Nothing but the lines from the one containing "this 1870×1867 image." through the last line of the records below should be written out, each exactly as it stands.

Exercise data:
[Start of Attachment]

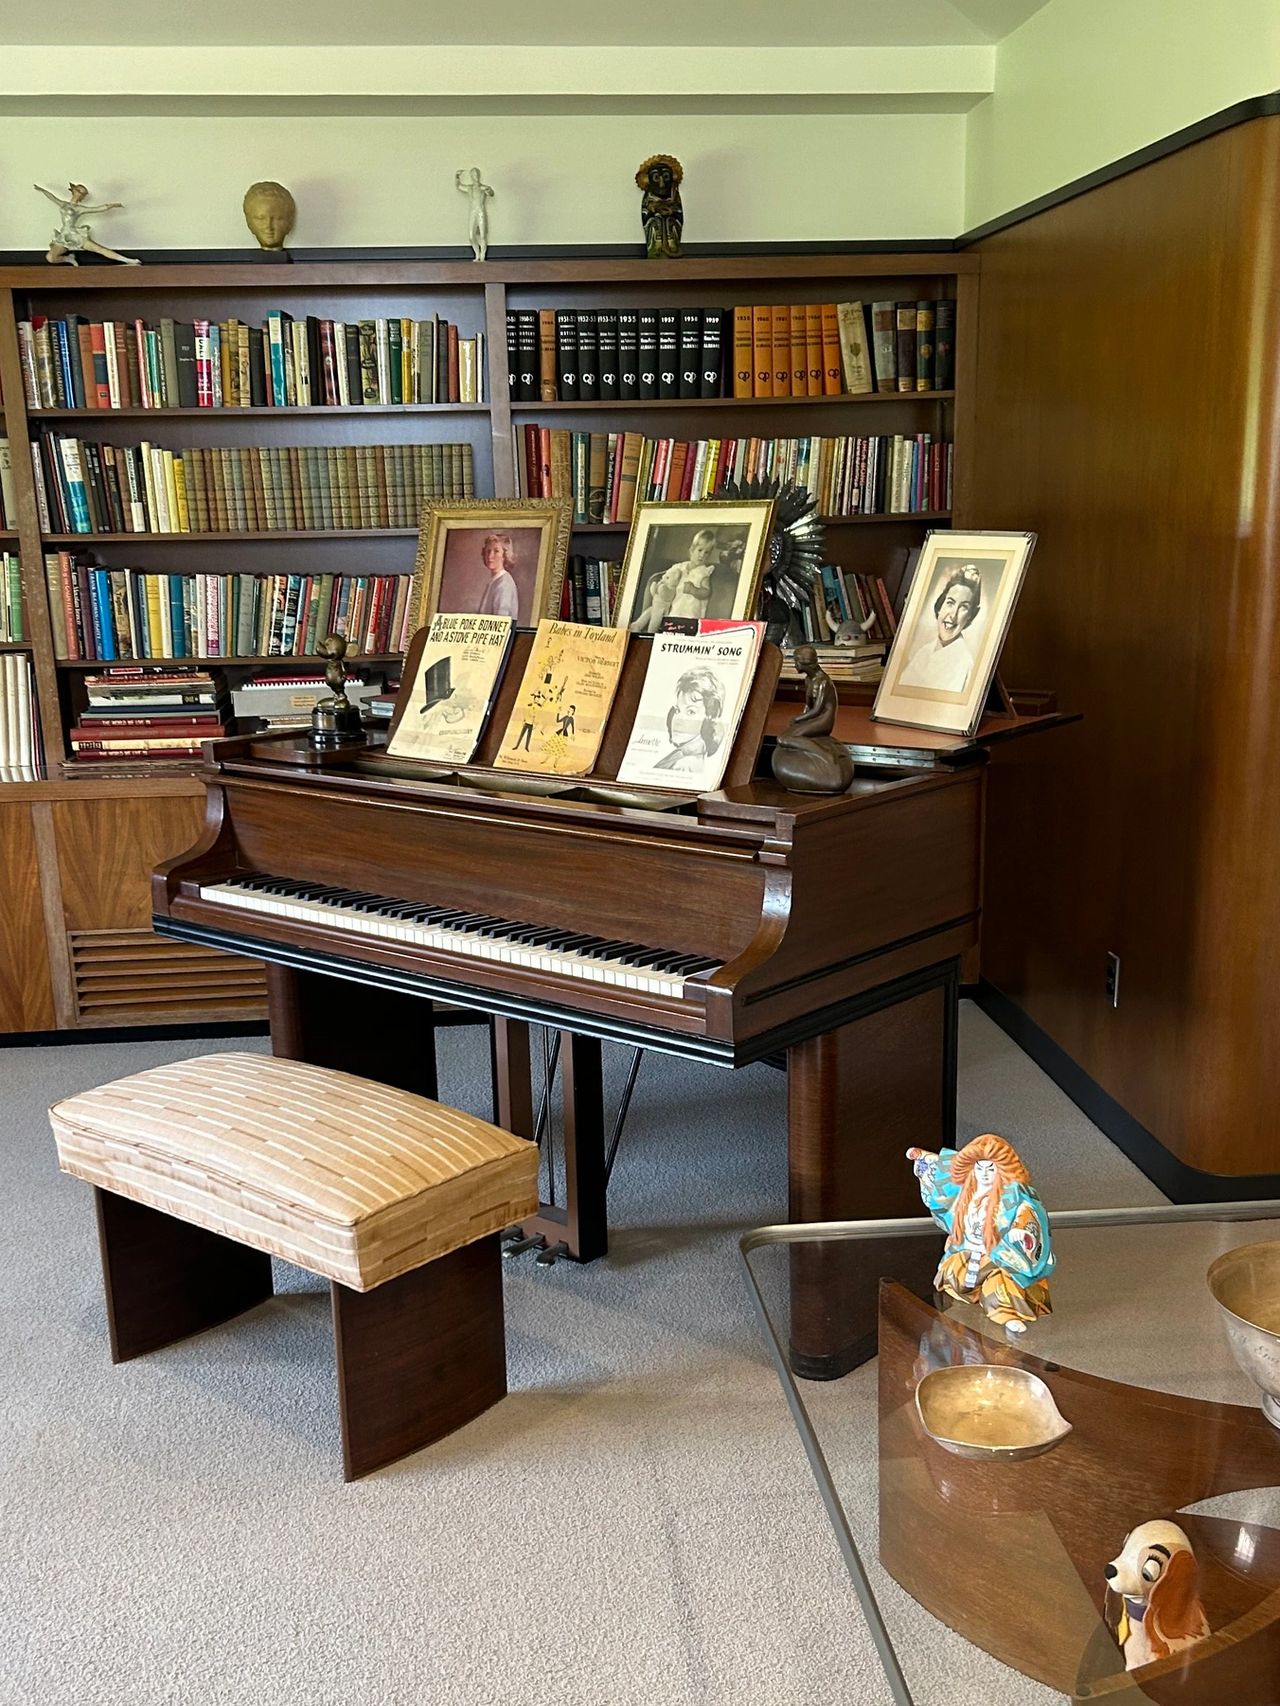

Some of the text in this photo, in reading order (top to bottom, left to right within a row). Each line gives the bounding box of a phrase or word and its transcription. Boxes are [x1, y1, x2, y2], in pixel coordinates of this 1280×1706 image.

[442, 618, 458, 629] BLUE
[460, 618, 477, 631] POKE
[478, 619, 509, 632] BONNET
[549, 622, 618, 643] Babes in Toyland
[430, 631, 443, 642] AND
[448, 631, 470, 644] STOVE
[471, 632, 489, 645] PIPE
[488, 634, 505, 647] HAT
[661, 643, 742, 656] STRUMMIN' SONG
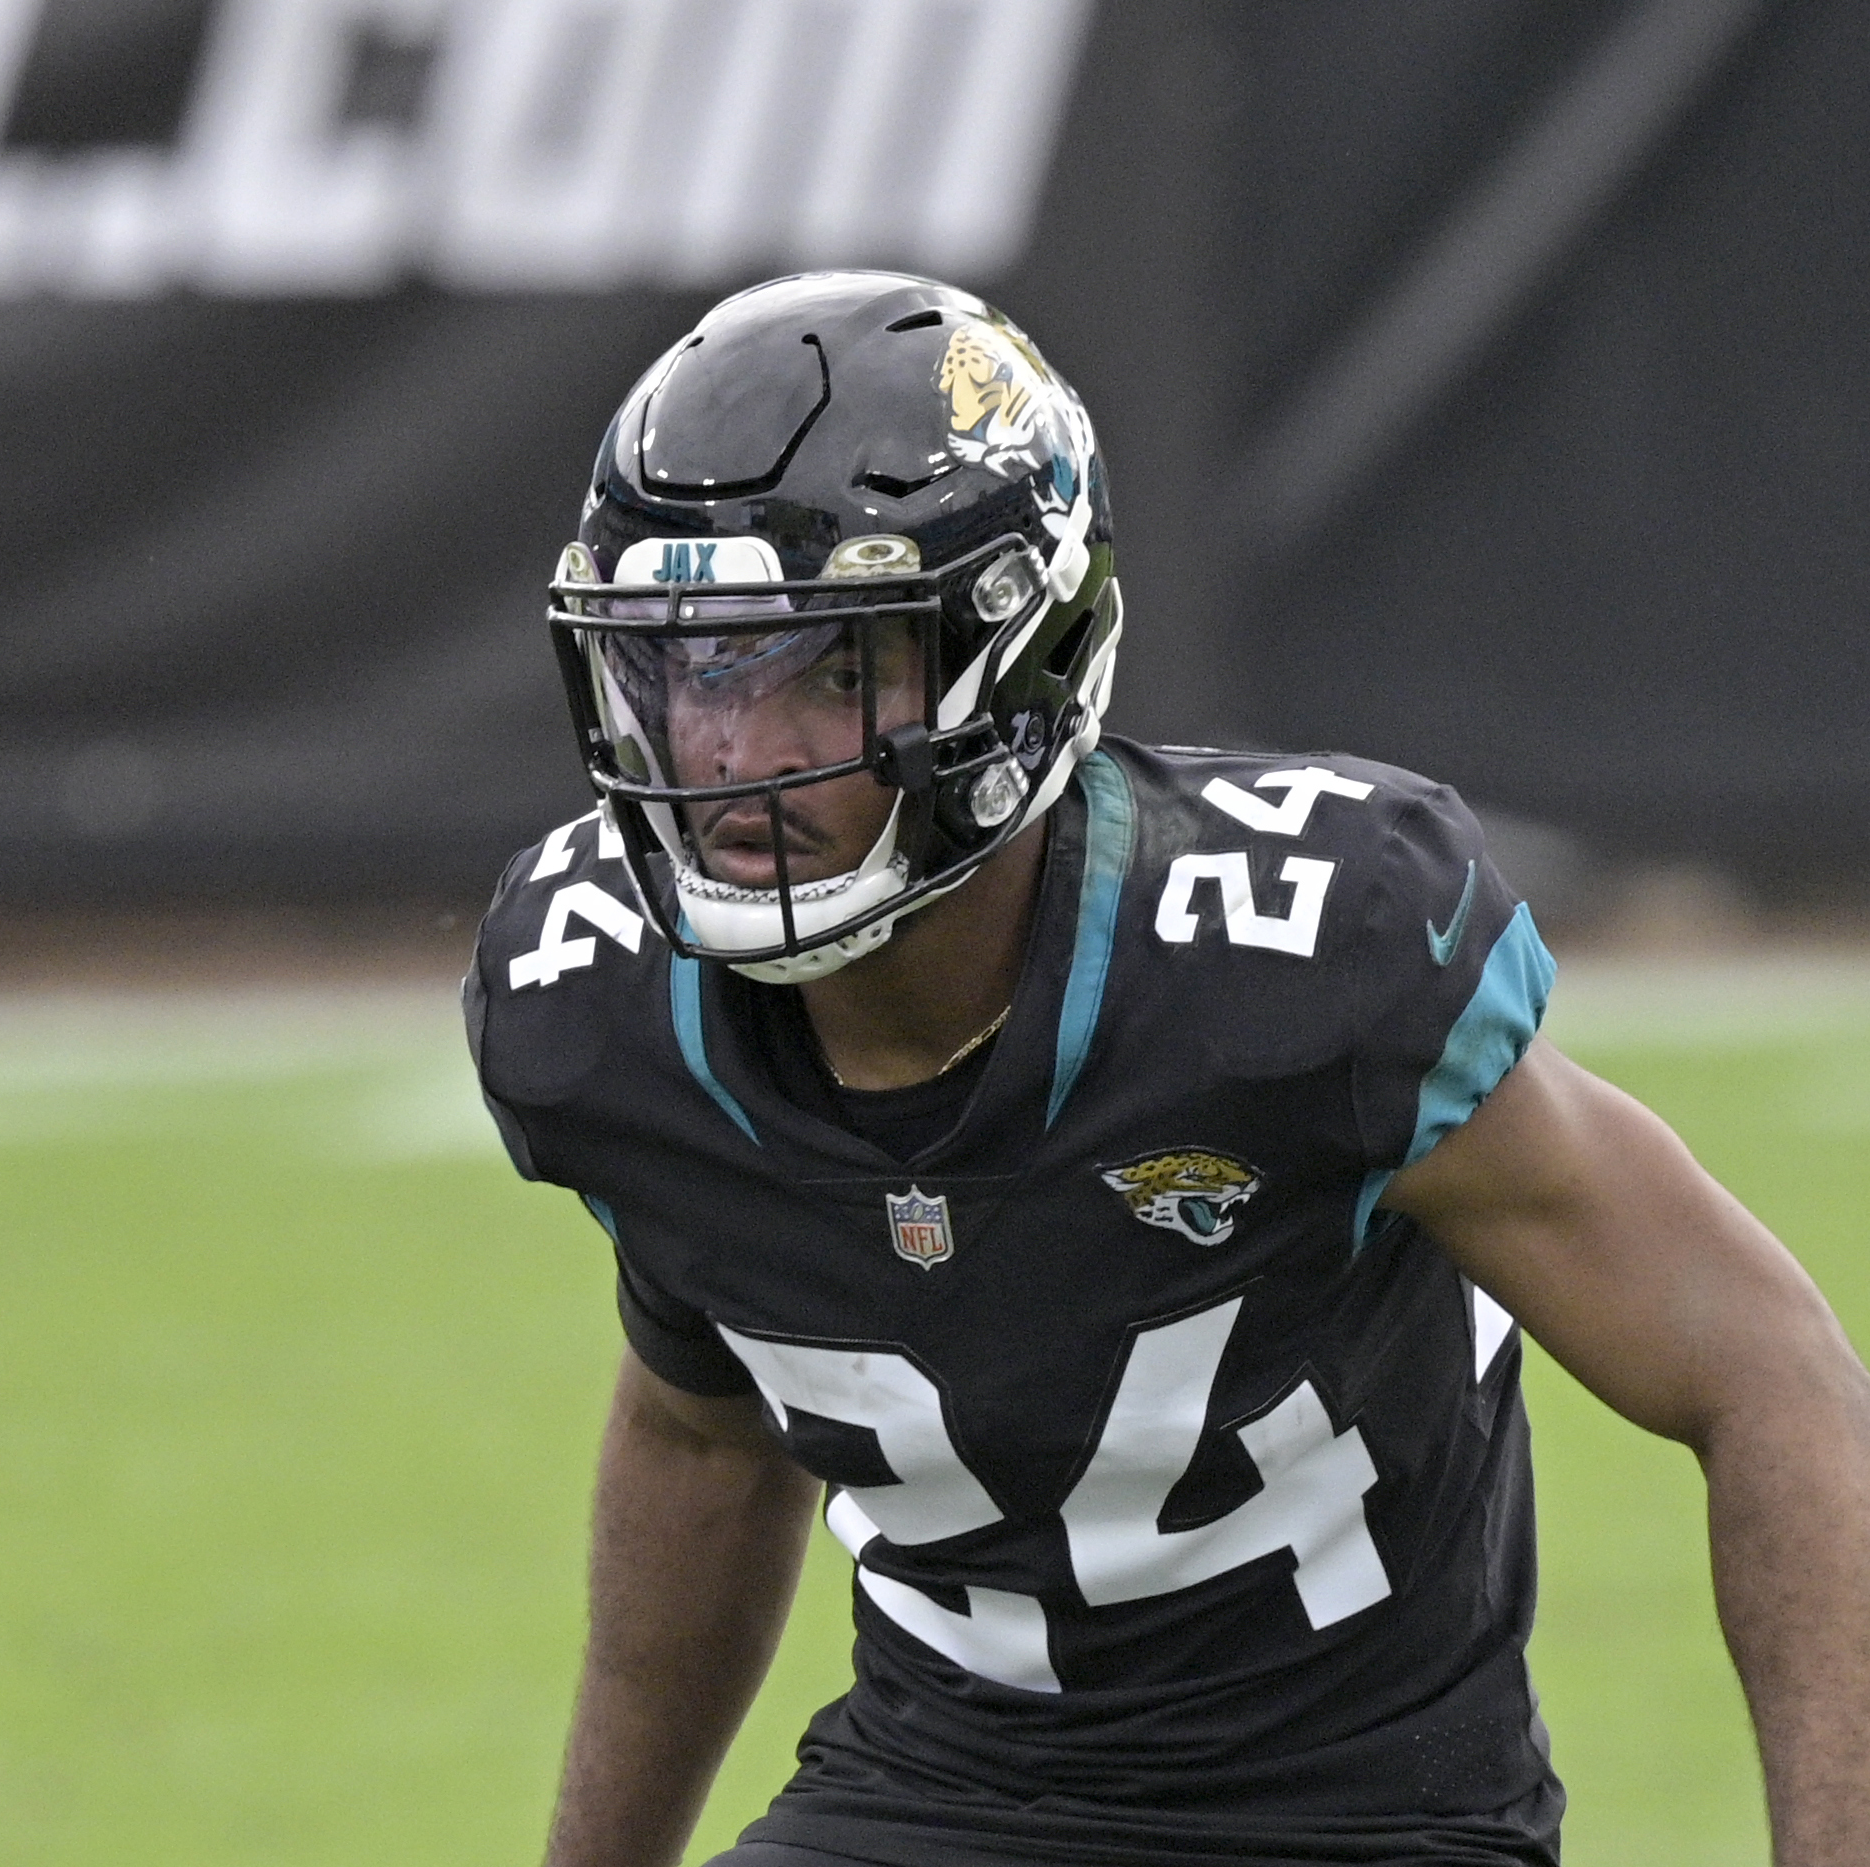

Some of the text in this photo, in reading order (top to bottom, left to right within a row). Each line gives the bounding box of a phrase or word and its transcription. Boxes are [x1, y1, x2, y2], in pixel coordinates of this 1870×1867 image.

[652, 543, 717, 583] JAX
[1155, 766, 1376, 957] 24
[899, 1224, 943, 1256] NFL
[716, 1295, 1393, 1694] 24

[End of Attachment]

Response to the exercise:
Some of the text in this photo, in reading order (top to bottom, left to right within a row). Each line gives the bounding box of a phrase or word and its transcription. Boxes are [x1, y1, x2, y2], in pixel coordinates of this 1870×1867 image.

[652, 543, 717, 583] JAX
[1155, 766, 1376, 957] 24
[899, 1224, 943, 1256] NFL
[716, 1295, 1393, 1694] 24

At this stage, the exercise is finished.